* What the task requires
Without including the images, transcribe each record precisely as it appears below.
--- Records supplied Enclosed Below ---
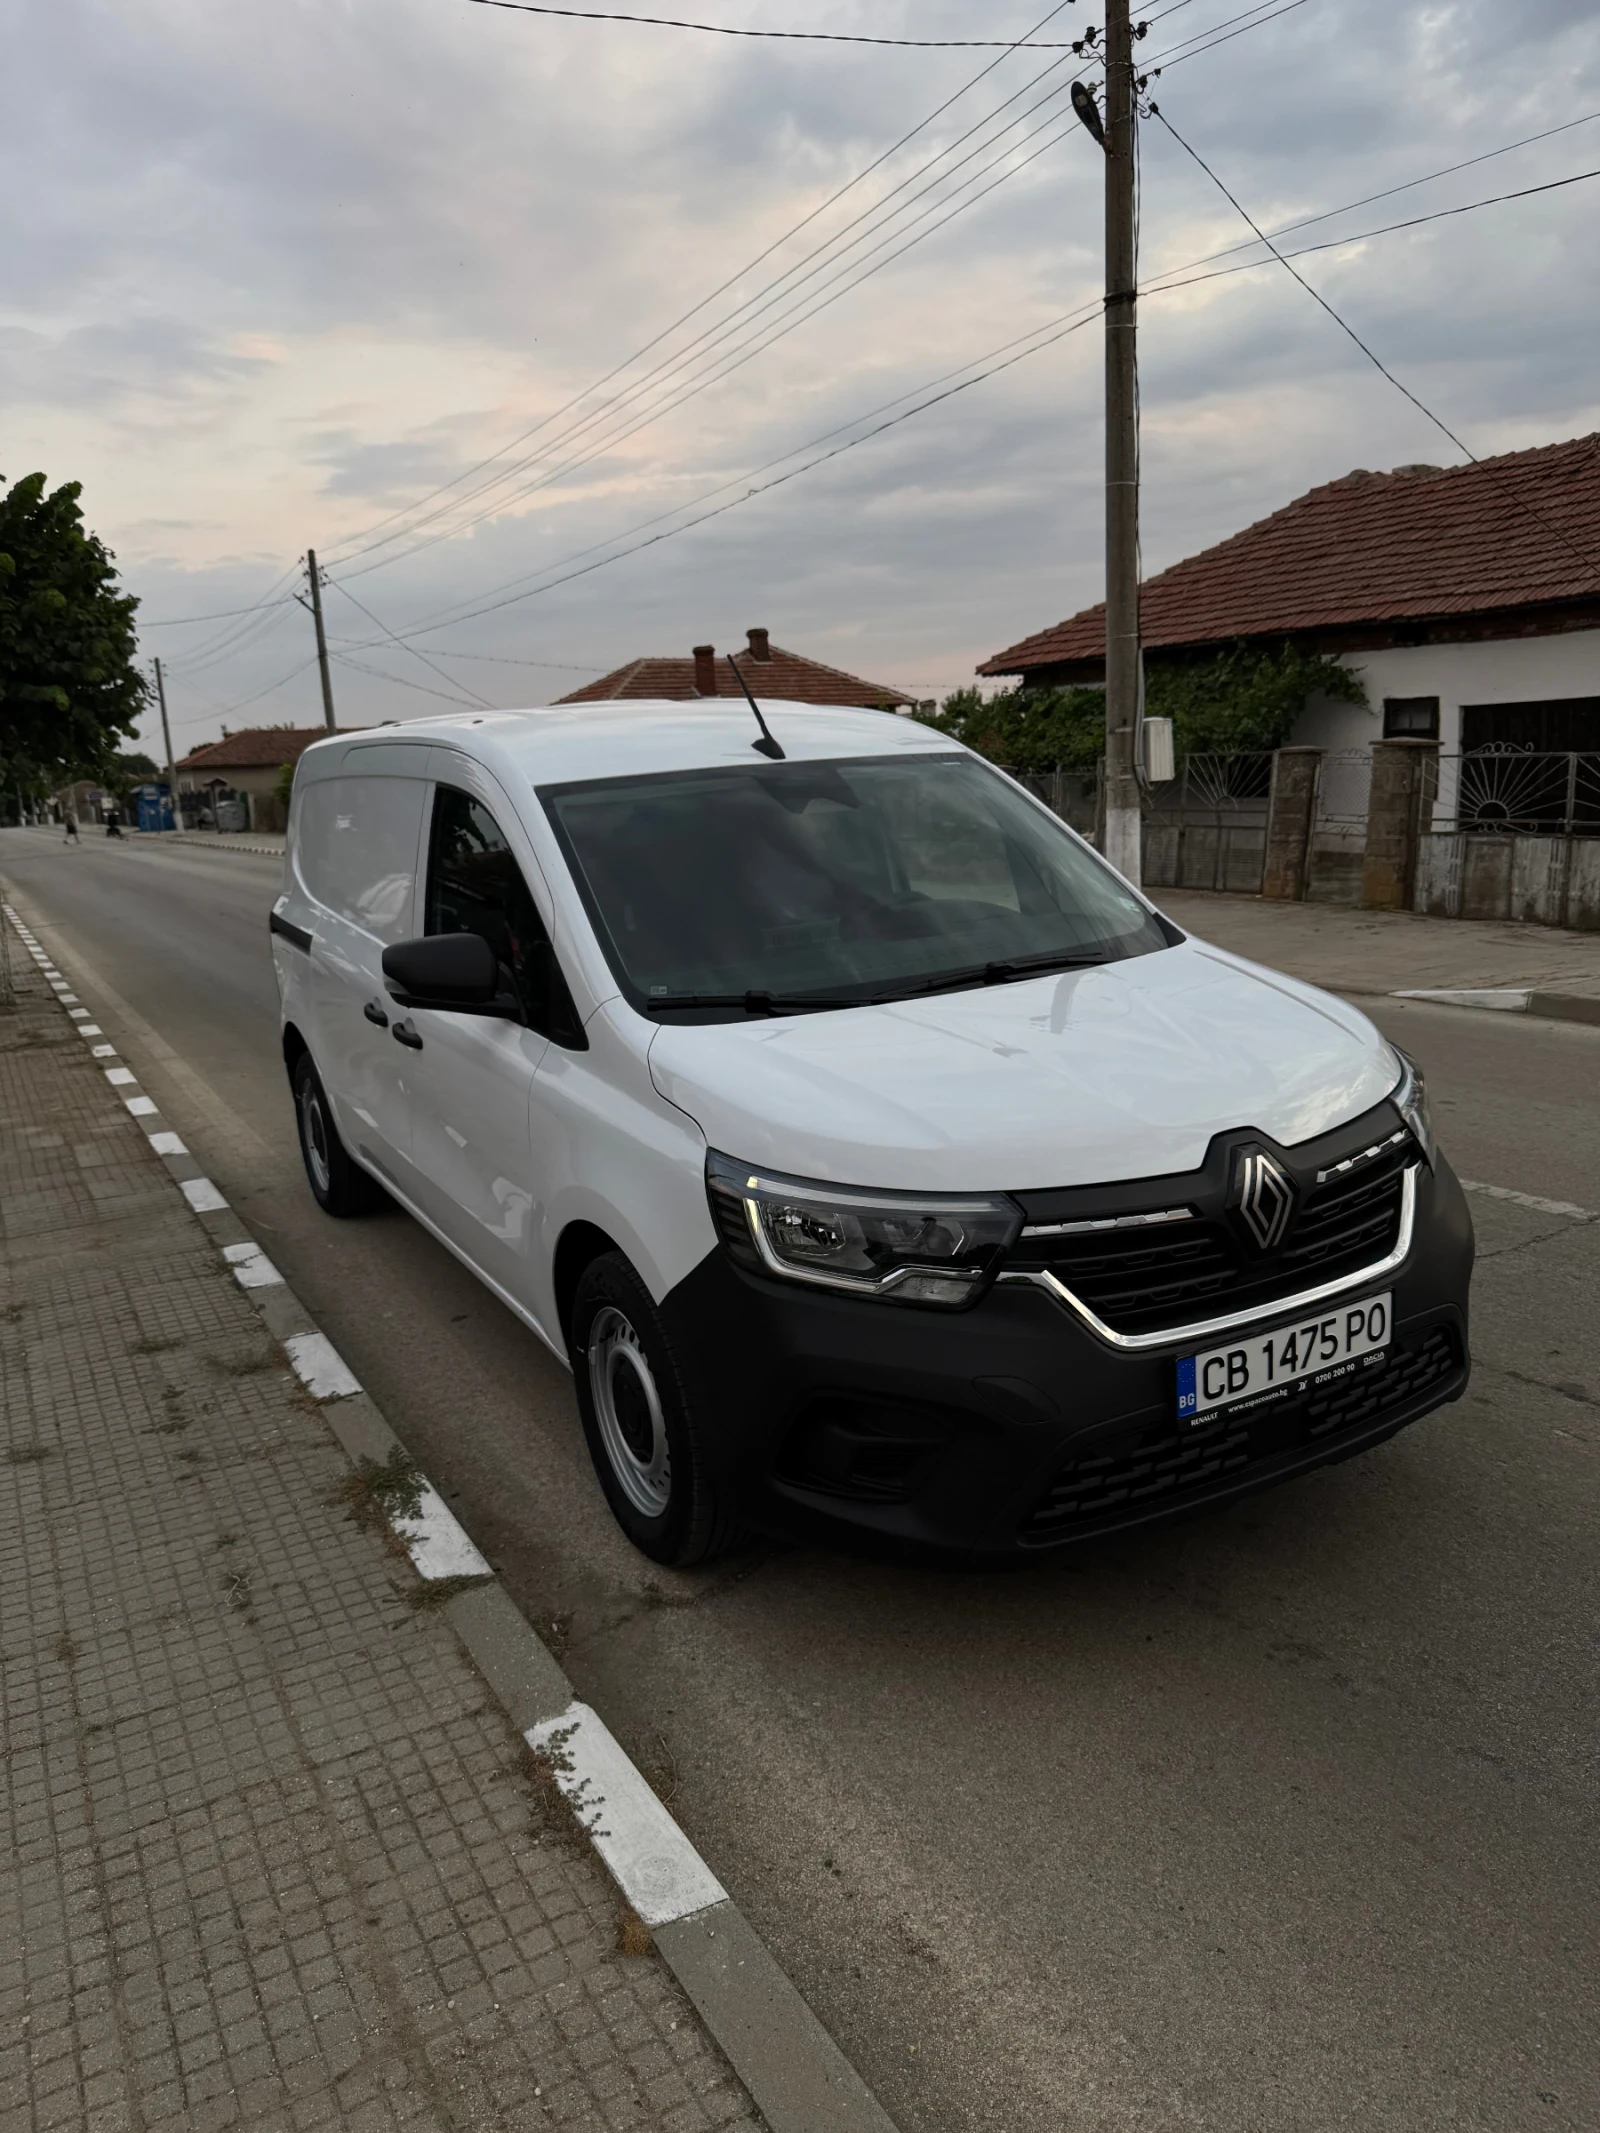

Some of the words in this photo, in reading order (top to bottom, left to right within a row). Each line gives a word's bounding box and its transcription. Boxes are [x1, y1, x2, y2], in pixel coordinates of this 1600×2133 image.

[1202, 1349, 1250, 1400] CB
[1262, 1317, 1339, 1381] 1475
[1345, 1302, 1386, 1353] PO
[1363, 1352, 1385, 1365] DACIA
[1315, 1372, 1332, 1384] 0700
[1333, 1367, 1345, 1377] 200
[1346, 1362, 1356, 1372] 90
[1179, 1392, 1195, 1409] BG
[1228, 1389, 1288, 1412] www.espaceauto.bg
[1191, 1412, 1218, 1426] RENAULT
--- End of Enclosed Records supplied ---
* Result for this exercise
Some of the words in this photo, in reading order (top to bottom, left to right within a row). Each line gives a word's bounding box and its transcription. Boxes are [x1, y1, x2, y2], in pixel coordinates of this 1600×2133 image.

[1202, 1349, 1250, 1400] CB
[1262, 1317, 1339, 1381] 1475
[1345, 1302, 1386, 1353] PO
[1363, 1352, 1385, 1365] DACIA
[1315, 1372, 1332, 1384] 0700
[1333, 1367, 1345, 1377] 200
[1346, 1362, 1356, 1372] 90
[1179, 1392, 1195, 1409] BG
[1228, 1389, 1288, 1412] www.espaceauto.bg
[1191, 1412, 1218, 1426] RENAULT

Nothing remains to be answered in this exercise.